Lo malo es que este pequeño pecado suele conducir a los poetas a cometer uno mayor, el ya señalado de la Soberbia, y a intentar elevar a la poesía por encima de los demás géneros, para intentar salvar los muebles. Y eso sí que es intolerable, amigos y amigas. Recuerdo, por ejemplo, aquella entrevista que le hizo el novelista Javier Cercas al poeta australiano Les Murray, y cómo le preguntó, ingenuamente, a ver si, además de poesía, escribía prosa, a lo que Murray contestó: “No, eso no dura”. Nadie me negará que bajo las categóricas palabras de Murray no late la envidia… Que la prosa no dura… Anda ya. Espera, Murray, espera unas pocas eras geológicas y ya me dirás cuánto dura también tu poesía…

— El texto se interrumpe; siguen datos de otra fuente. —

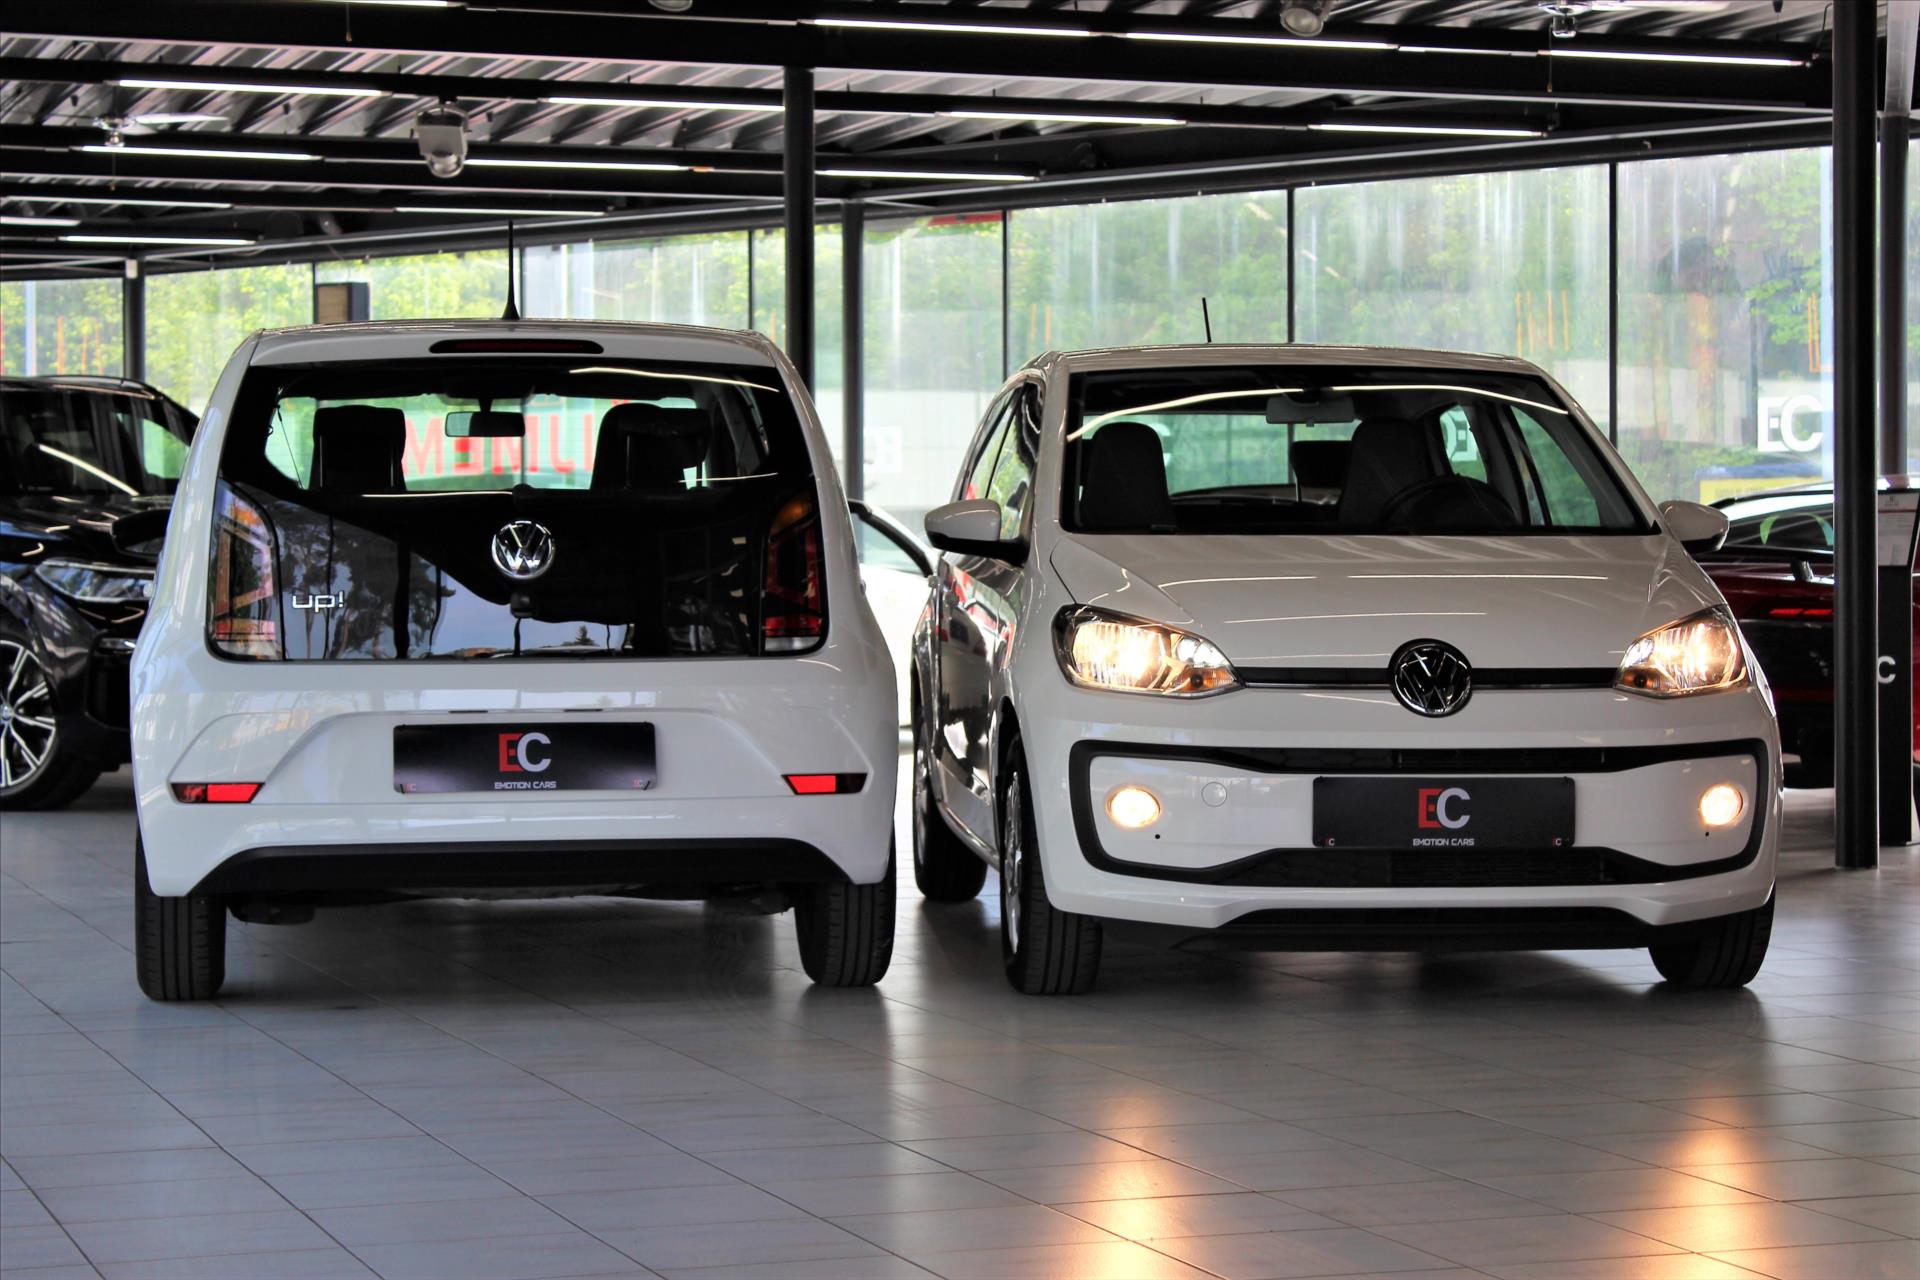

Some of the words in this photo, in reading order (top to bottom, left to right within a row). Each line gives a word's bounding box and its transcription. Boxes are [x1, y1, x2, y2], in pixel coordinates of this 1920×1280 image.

[1757, 395, 1824, 452] EC
[292, 590, 344, 613] up!
[1877, 655, 1897, 684] C
[498, 732, 552, 772] EC
[494, 781, 531, 790] EMOTION
[532, 781, 557, 789] CARS
[1418, 787, 1471, 829] EC
[1412, 838, 1449, 846] EMOTION
[1451, 838, 1475, 846] CARS

El séptimo y último pecado, cómo no, es el de la Pereza o la Desidia. Los poetas son vagos. Ya hemos comentado, en el apartado sobre la Gula, su desafortunada tendencia a llenar las páginas a medias e incluso a cuartos: un libro de poemas, medido en caracteres, puede resultar más breve que la introducción en euskera de cualquiera de los discursos del ex lehendakari Patxi López, o que la lista completa de vocabulario que el rey Felipe VI domina en cualquiera de las lenguas peninsulares a excepción del español (¿o español incluido?); de hecho, cuanto más delgado, más poético resulta el libro…

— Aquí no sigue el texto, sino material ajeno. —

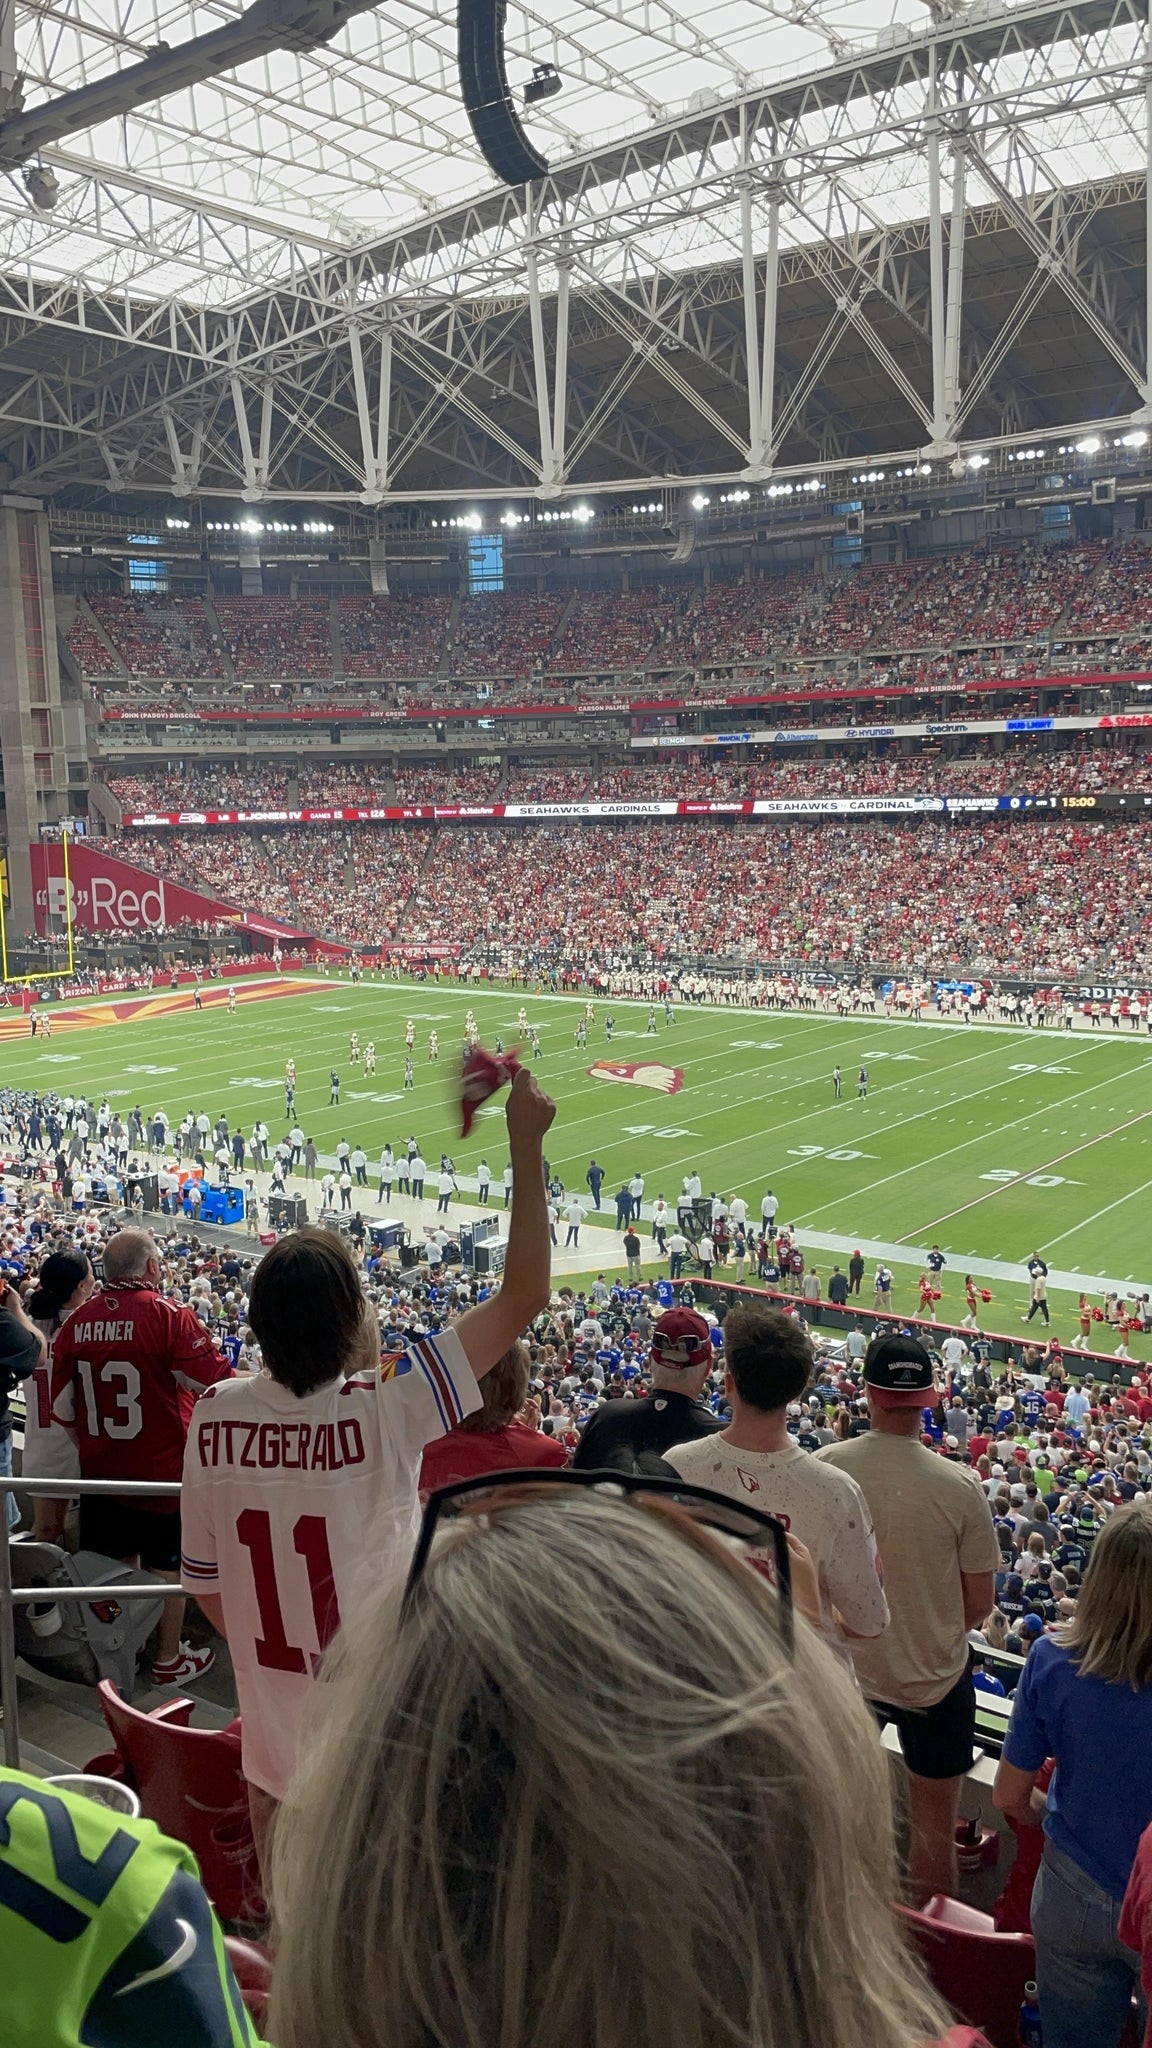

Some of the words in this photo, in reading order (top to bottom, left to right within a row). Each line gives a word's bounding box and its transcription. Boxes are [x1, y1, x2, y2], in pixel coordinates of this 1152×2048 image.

Pero la cosa no queda en eso: recordemos que hay gente que intenta equiparar poesía y filosofía –en el campo de la poesía vasca hay un grupo que, año tras año, insiste en publicar un manifiesto, supuestamente distinto cada vez, en ese sentido–: ¡como si un librito de poemas pudiera sustituir a una obra de pensamiento bien pertrechada de notas a pie de página y de bibliografía! De hecho, el poeta, si es de verdad, no tiene que preocuparse ni de hacer bien su trabajo: como afirma Felipe Juaristi, “un poema no es mejor que otro poema; porque un poema es poema o no lo es”; cómodo, ¿verdad que sí? Además, la poesía conllevaba, al menos en los viejos tiempos, dificultades técnicas y límites estilísticos: por ejemplo, la necesidad de que rimara de una manera precisa, una contabilidad exacta de sílabas y versos, una cadencia más o menos complicada, un ritmo singular, etc. Como ejercicio de habilidad, cuando menos, no estaba mal. Pero, ¿qué ocurre hoy en día? Desde que el verso blanco y sobre todo el verso libre empezaron a extenderse, solo con que los márgenes sean un poco anchos por ambos lados –y con que las líneas estén sin justificar, al menos por la derecha– cualquier cosa puede ser poesía. Incluso un discurso hiper-emocional de esos que escribe el lehendakari Íñigo Urkullu o, ya puestos, uno de José María Aznar, siempre que se divida en líneas cortas de distinto tamaño. Hagan la prueba, incluso con el Boletín Oficial del Estado, si se sienten un poco vanguardistas: los resultados les sorprenderán.